Читаем Сквозь черное стекло полностью

– Поговорим? – вдруг резко и быстро произнес он, вроде как, и не к ней обращаясь, а куда-то в пространство. – Мне нужно ночью с кем-то разговаривать. Такая вот странность. Привыкай. Ночью, да. – он помолчал, сел на кровать, – накатывает что-то. Не пойму. Проснусь – и так болит. Тут где-то. – он провел рукой по груди, – будто вообще. другой человек… кто – то. Сам не пойму, как со сна. Лунатик. Я в Швейцарии к врачу даже ездил. Ничего он понять не смог. Психоз, говорит. Фантомные боли. Вы, наверное, лунатик, так он сказал. Какой лунатик? Я ему – грохнуть меня могут, вот и психоз. А он даже не понял, про что я. – он помолчал. – А грохнуть могут, я чувствую. Шуршат вокруг. Копают. С такими деньгами, как мои – не уцелеть, либо грохнут, либо отберут половину, а то и всё. Могут и посадить. предлог найдется. Они ведь понимают. кто идет. И зачем. Потому и боятся. Они шаги чувствуют, а шаг у меня тяжелый. Понимают, идет тот, кто сильнее их. Сильнейший. Тут уже дело не в деньгах, тут вопрос власти. Чья она.

– У вас же столько охраны. Почему вы боитесь?

– Да что, охрана… Что у других охраны не было, что ли? И ничего… грохнули. И отобрали. Нет, если хотят грохнуть – то грохнут.

– Зачем вы так говорите?
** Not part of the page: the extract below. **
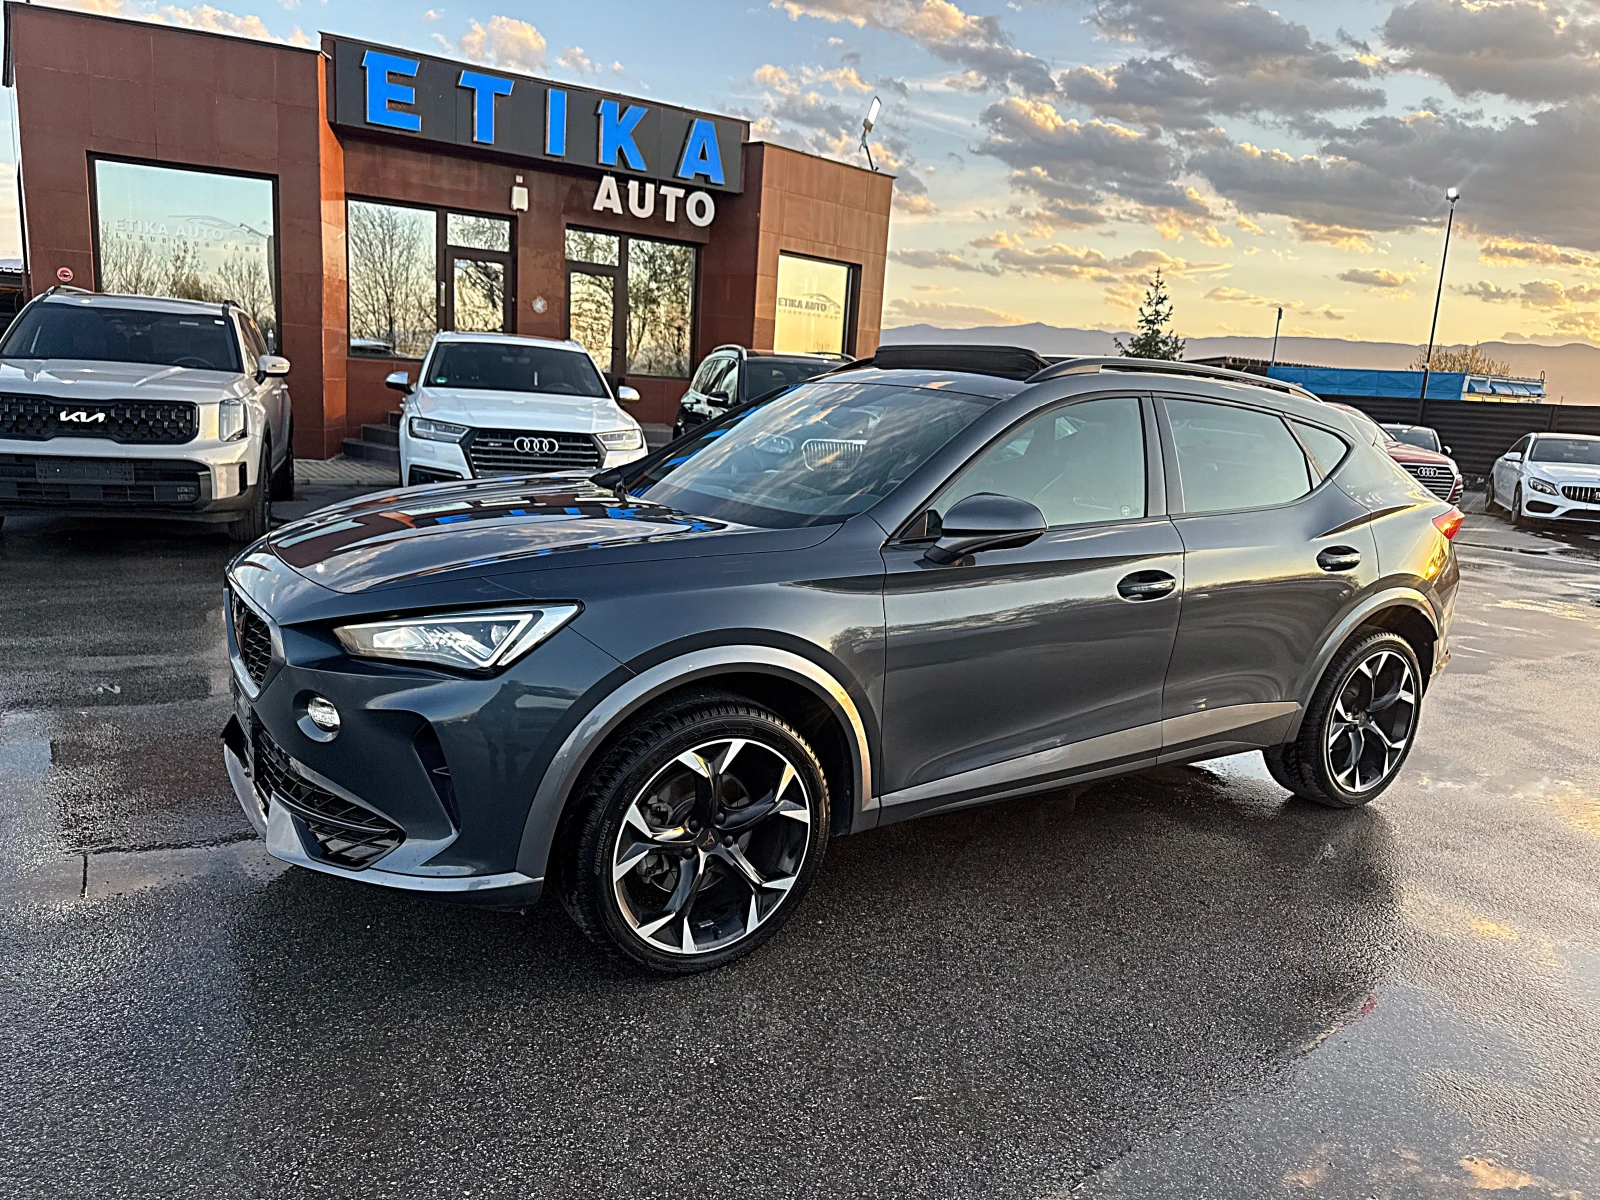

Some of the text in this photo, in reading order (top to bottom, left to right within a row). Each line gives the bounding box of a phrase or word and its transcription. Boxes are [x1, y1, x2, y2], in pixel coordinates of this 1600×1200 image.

[361, 50, 725, 185] ETIKA
[592, 175, 716, 228] AUTO
[115, 219, 224, 241] ETIKA AUTO
[778, 298, 827, 312] ETIKA AUTO
Нельзя так. На все воля Божья.

– А может, это она и есть – воля Божья, кто знает.

Он задумался, помолчал, потом внимательно посмотрел на Настю:

– Мне сегодня знак был, нехороший. Стоим мы на переезде, вдруг к машине цыганка подходит и прямо к моему окну, стучит. Охрана прогнать хотела, а мне что-то стукнуло. Открыл окно. Хотя, честно говоря, я ненавижу этих цыган, гадалок, с детства ненавижу. А она сразу кинулась ко мне, схватила за плечо, цепко так, и говорит: «Вот так-то, Миша, мир катится к концу. Всё. Конец.» – и засмеялась. Зубы у нее гнилые. Запах изо рта такой. Меня аж передернуло, как из могилы. Миша. как она имя мое узнала? Хотя меня тут все знают.

Он вроде хотел еще что-то сказать, забормотал, но вдруг заснул на полуслове, качнулся, безвольно упал на постель.
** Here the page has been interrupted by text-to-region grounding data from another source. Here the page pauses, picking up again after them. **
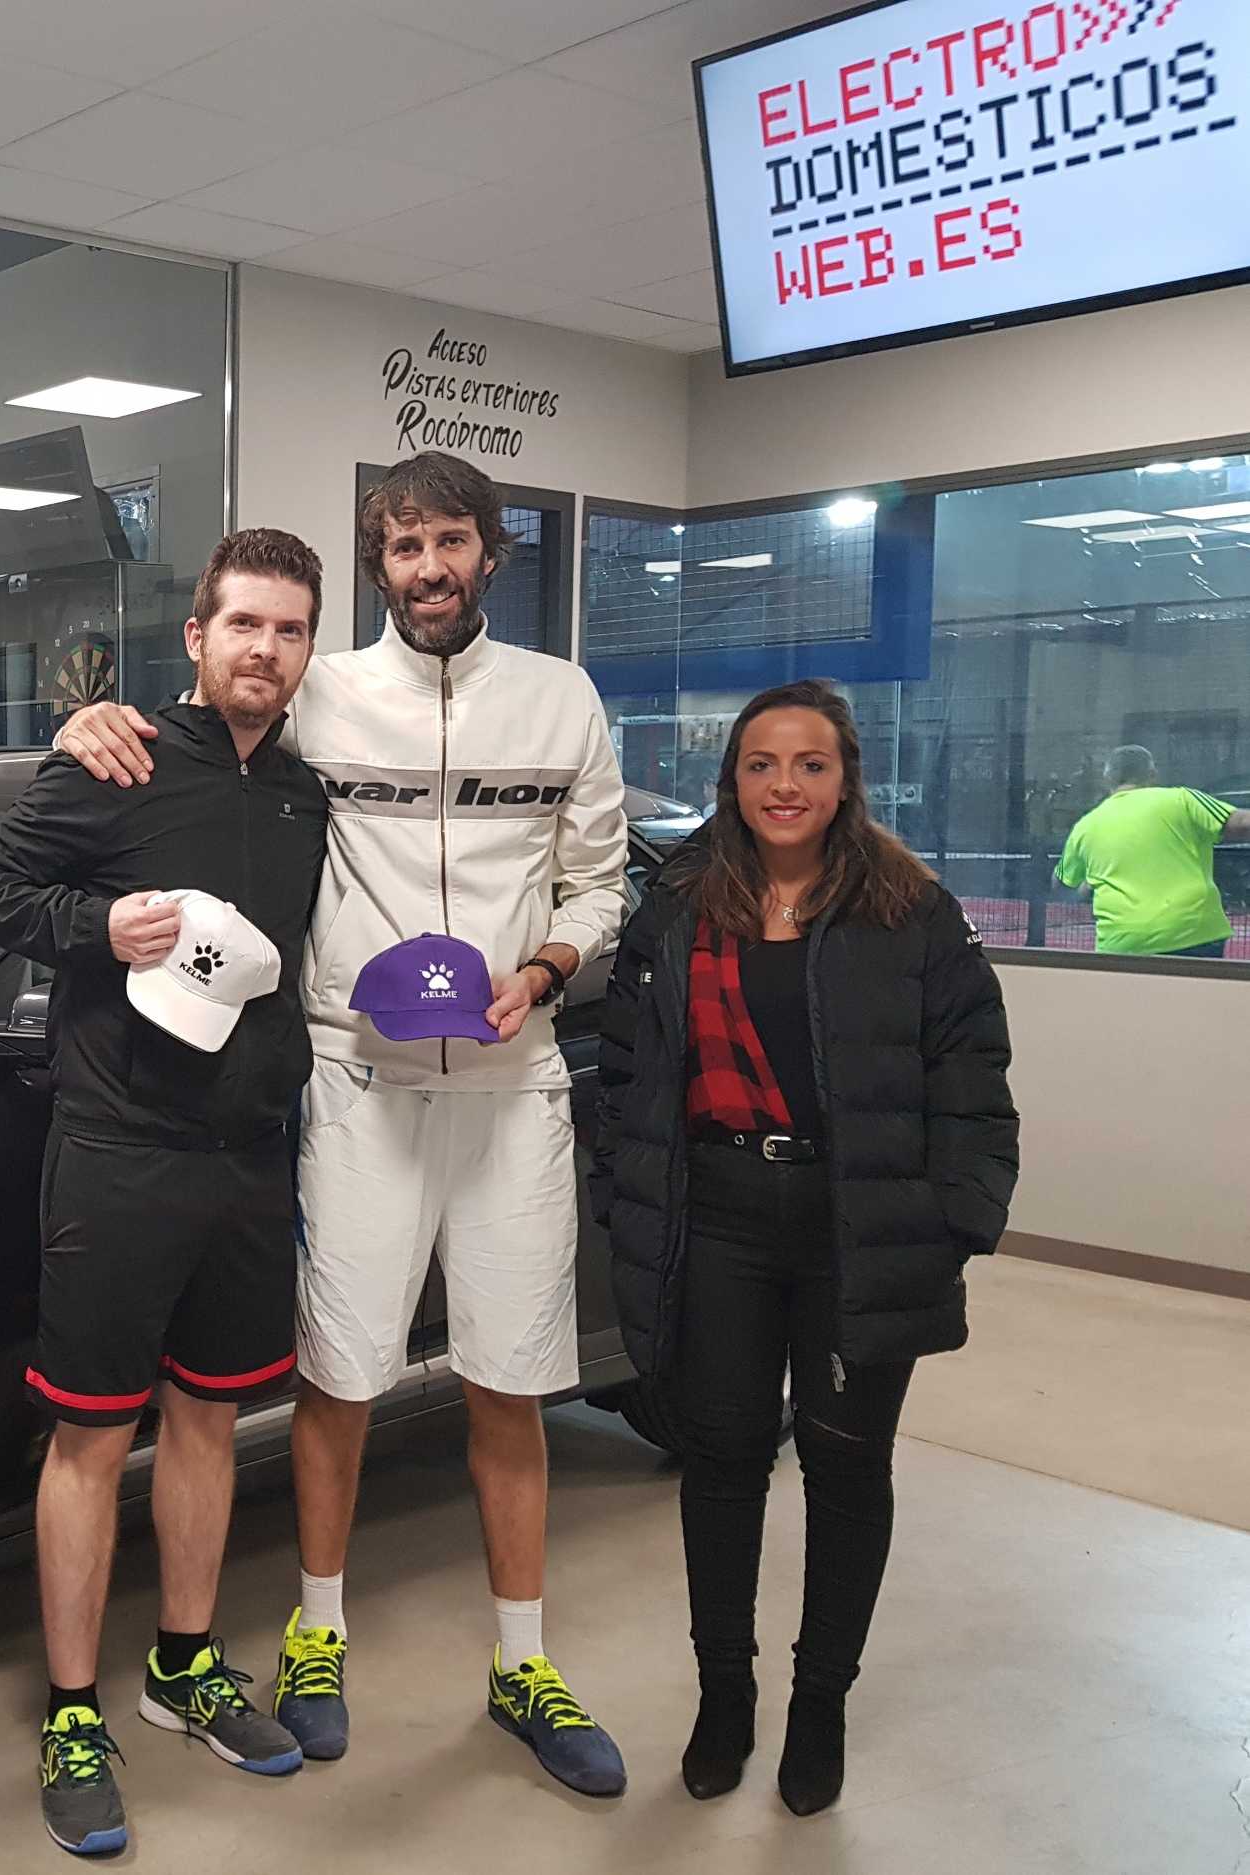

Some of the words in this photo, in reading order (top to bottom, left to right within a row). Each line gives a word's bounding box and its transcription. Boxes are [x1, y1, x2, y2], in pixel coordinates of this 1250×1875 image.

[758, 4, 1066, 147] ELECTRO
[766, 41, 1216, 216] DOMESTICOS
[774, 198, 1022, 304] WEB.ES
[179, 962, 212, 987] KELME
[421, 990, 458, 999] KELME
Дыхание его стало ровным. Глубокий сон.


СЦЕНА 37. ОСОБНЯК ОСТРОВОГО. УТРО. ЗИМА.

В холле накрыт на две персоны большой стол к завтраку.

Михаил Александрович, между тем, поджидая Настю, кормит птичек – две высокие клетки с пернатыми расположены по краям холла. Похоже, птички – это его слабость, он умело подсвистывает им с умилением, они отвечают веселым щебетанием.

– Доброе утро, – Настя входит в холл, садится к столу.

– Доброе, – отвечает Михаил Александрович. Трудно в нём сейчас узнать того другого, измученного душевной болью человека. – Ты можешь, конечно, вставать попозже, не так рано, как я. Но, знаешь. Лучше, чтобы утром такое семейное совещание проводить. Планерку на день. Согласна?

– Да.

– Даже если не согласна, всё равно будет так, – усмехается Михаил Александрович, направляясь к столу. – Привыкай. В этом доме всё решает только один человек. И в этом городе, кстати, тоже. А может скоро и в этой стране буду решать, – засмеялся он. – А почему нет? Есть у меня на этот счет одна мыслишка.

Он помолчал.

– Я вот что подумал. Надо тебе чем-то заняться, ну, кроме – шопинг, фитнес, бассейн, массаж – это, понятно, святое, на это не покушаюсь, дамский набор… А вот, например, языки… Иностранные. У тебя неплохо получается по-английски.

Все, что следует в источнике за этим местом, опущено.